O'Brien said he still feels "pretty energized'' and plans to teach a course this fall, Peace and Justice. Much like he did 50 years ago starting at 35 years old, O'Brien continues to live in the residence halls with the students - a Jesuit tradition because learning isn't just a classroom activity. Over the years, however, he's noticed young students' habits have changed, perhaps to adapt to their current world. Today, he said, they are often connected to their computers and other electronic devices - smart phones used to talk, text and listen to music.
"In my experience, they tend to be more solitary, more private. It's more natural for them," O'Brien said, noting such activity appears to make young people "less comfortable interacting with older people."
And leading a more solitary lifestyle may be more natural because communicating via technology for them has always been the norm. But teachers must find ways to make sure education is not depersonalized because of such devices, he noted.

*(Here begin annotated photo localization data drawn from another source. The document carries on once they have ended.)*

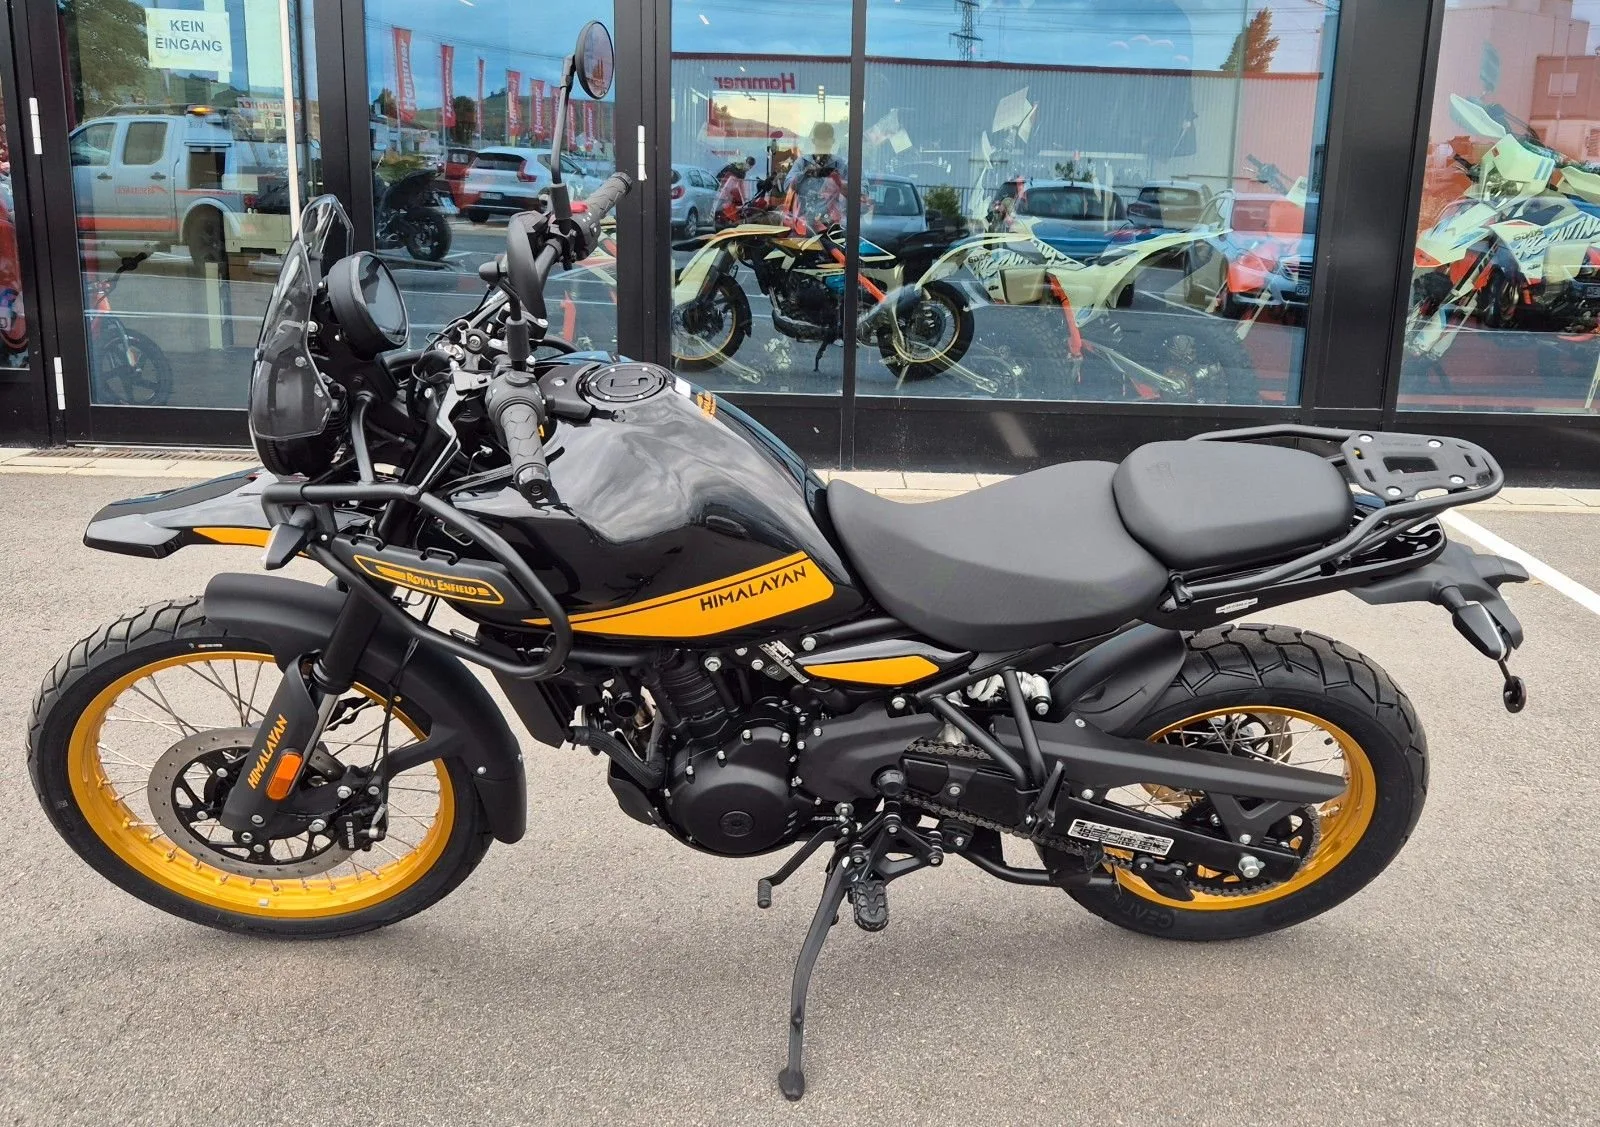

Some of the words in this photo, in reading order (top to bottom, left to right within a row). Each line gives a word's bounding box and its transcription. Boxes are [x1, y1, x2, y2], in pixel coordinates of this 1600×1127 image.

[154, 37, 223, 52] EINGANG
[170, 19, 205, 33] KEIN
[398, 38, 416, 111] Hammer
[532, 86, 545, 134] Hammer
[406, 572, 437, 588] ROYAL
[437, 579, 477, 596] ENFIELD
[700, 565, 807, 612] HIMALAYAN
[247, 713, 288, 790] HIMALAYAN

At WJU, use of cell phones is frowned upon while professors are lecturing.
Such technology can connect people to many others at a moment's notice, but O'Brien is concerned the relationships formed may only be on the surface. Part of the college experience, he believes, includes learning from and interacting with one's classmates - in person. In the end, the objective is to develop students' talents and to teach them to think and interact with others. The hope is that what they have learned at the school will be used for good in the world after graduation.
"The idea is that we do some learning together," O'Brien said of his style of teaching.
He noted the Jesuit tradition of learning by being immersed in service is still strong with many incoming students, but not as much for others. This is mainly because there is a wider variety of people attending the university today than in the 1960s. For example, not everyone enrolled is a Catholic - or even religious in general. They decide to attend the school because of its reputation as an institution, he said.
But the school's curriculum calls for students to engage in community service, whether it be helping flood victims in Wheeling, gathering firewood for people in southern West Virginia who use it for heating and cooking, or aiding people in foreign countries. The Jesuit mission is "life, leadership and service for others."
While students' overuse of technology, such as cell phones, is a concern for O'Brien, he said expansion of new technologies has had a positive impact on the university and its students. For example, online classes are now commonplace, and the university recently started offering courses to refugees in countries such as Africa.
In addition to technology changing how the school educates people, its campus also has changed much over the years. When O'Brien first arrived there were only three main buildings. Today, in addition to several buildings for classes, living space and offices, there are also facilities for various sports teams.
During the past 50 years, O'Brien said, the most noticeable change in the students is the amount of reading and writing they apparently have not done before entering college. He said this became more obvious during the 1990s, when home computers became widely used.
"Maybe it's due to technology and maybe it's the fact that students are so visual and watch more TV. ... They're not in the habit of reading," he said.
And while some may believe working 50 years in one place is a feat, O'Brien said he would talk annually about his future with his fellow Jesuits and each year he expressed he was content to stay in Wheeling.
"This is where God wants me," he said. "Wheeling is a great place to be."
O'Brien, an associate professor of philosophy, received his bachelor's and master's degrees from Loyola University and his doctorate from Duquense University.